**WHAT IS REQUIRED**
Return the full listing unchanged, excluding any images it contains.

**MATERIAL FOR THE TASK**
----
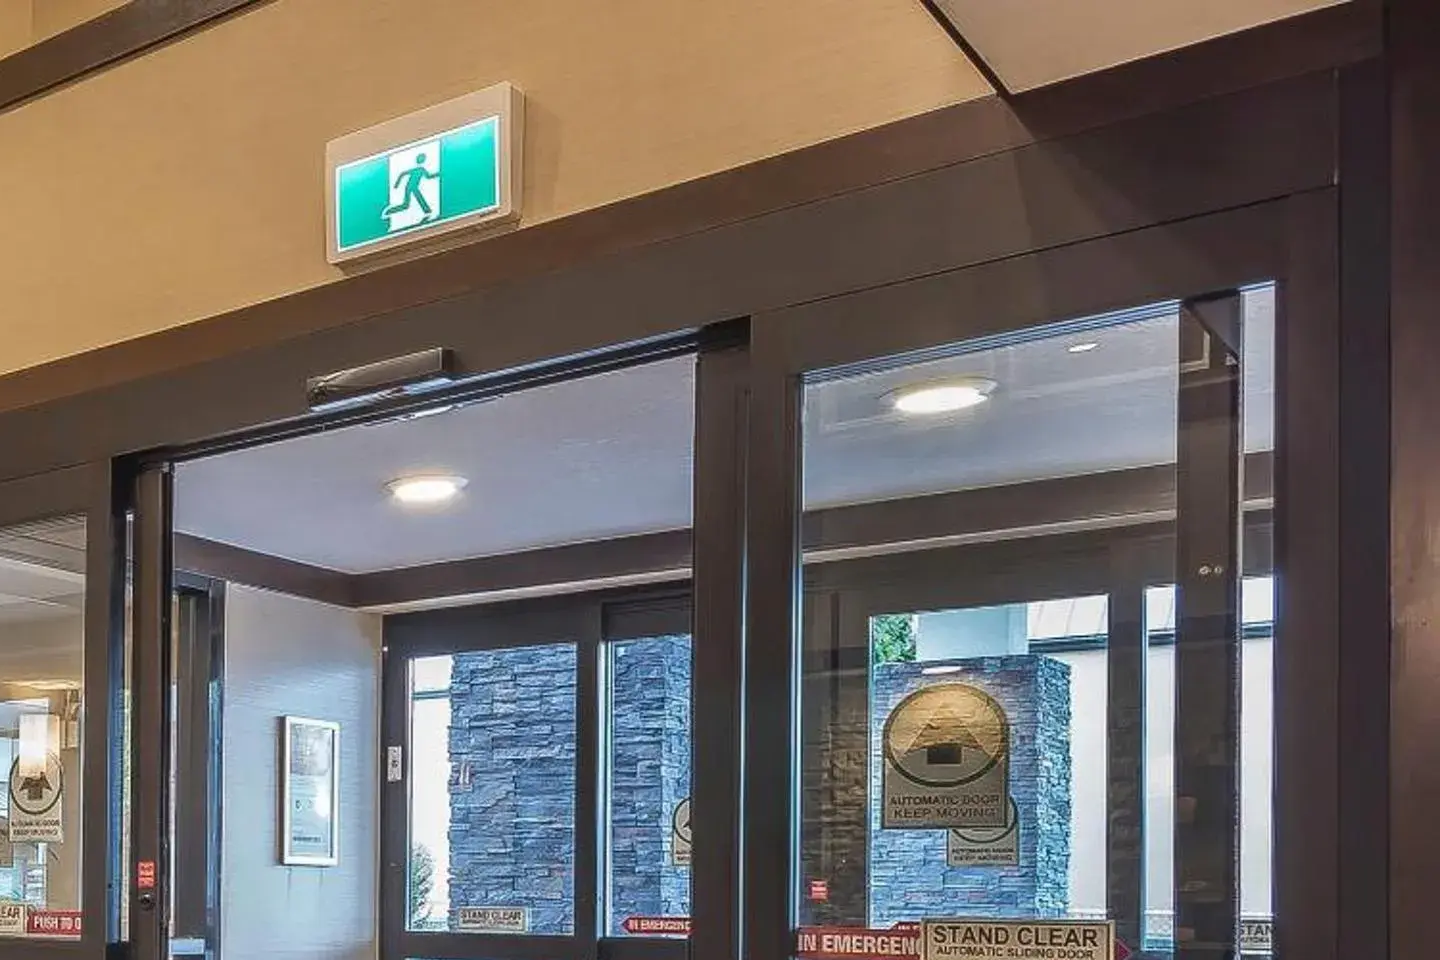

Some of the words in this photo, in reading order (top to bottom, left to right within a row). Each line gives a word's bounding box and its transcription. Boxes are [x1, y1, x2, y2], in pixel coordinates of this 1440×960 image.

[890, 794, 959, 805] AUTOMATIC
[963, 794, 999, 804] DOOR
[893, 807, 931, 818] KEEP
[936, 807, 996, 818] MOVING
[34, 916, 58, 930] PUSH
[933, 925, 1009, 945] STAND
[1017, 927, 1099, 947] CLEAR
[798, 934, 817, 951] IN
[821, 934, 921, 955] EMERGEN
[936, 946, 1003, 957] AUTOMATIC
[1007, 947, 1054, 959] SLIDING
[1057, 949, 1094, 960] DOOR
----
**TASK ANSWER**
Some of the words in this photo, in reading order (top to bottom, left to right within a row). Each line gives a word's bounding box and its transcription. Boxes are [x1, y1, x2, y2], in pixel coordinates of this 1440×960 image.

[890, 794, 959, 805] AUTOMATIC
[963, 794, 999, 804] DOOR
[893, 807, 931, 818] KEEP
[936, 807, 996, 818] MOVING
[34, 916, 58, 930] PUSH
[933, 925, 1009, 945] STAND
[1017, 927, 1099, 947] CLEAR
[798, 934, 817, 951] IN
[821, 934, 921, 955] EMERGEN
[936, 946, 1003, 957] AUTOMATIC
[1007, 947, 1054, 959] SLIDING
[1057, 949, 1094, 960] DOOR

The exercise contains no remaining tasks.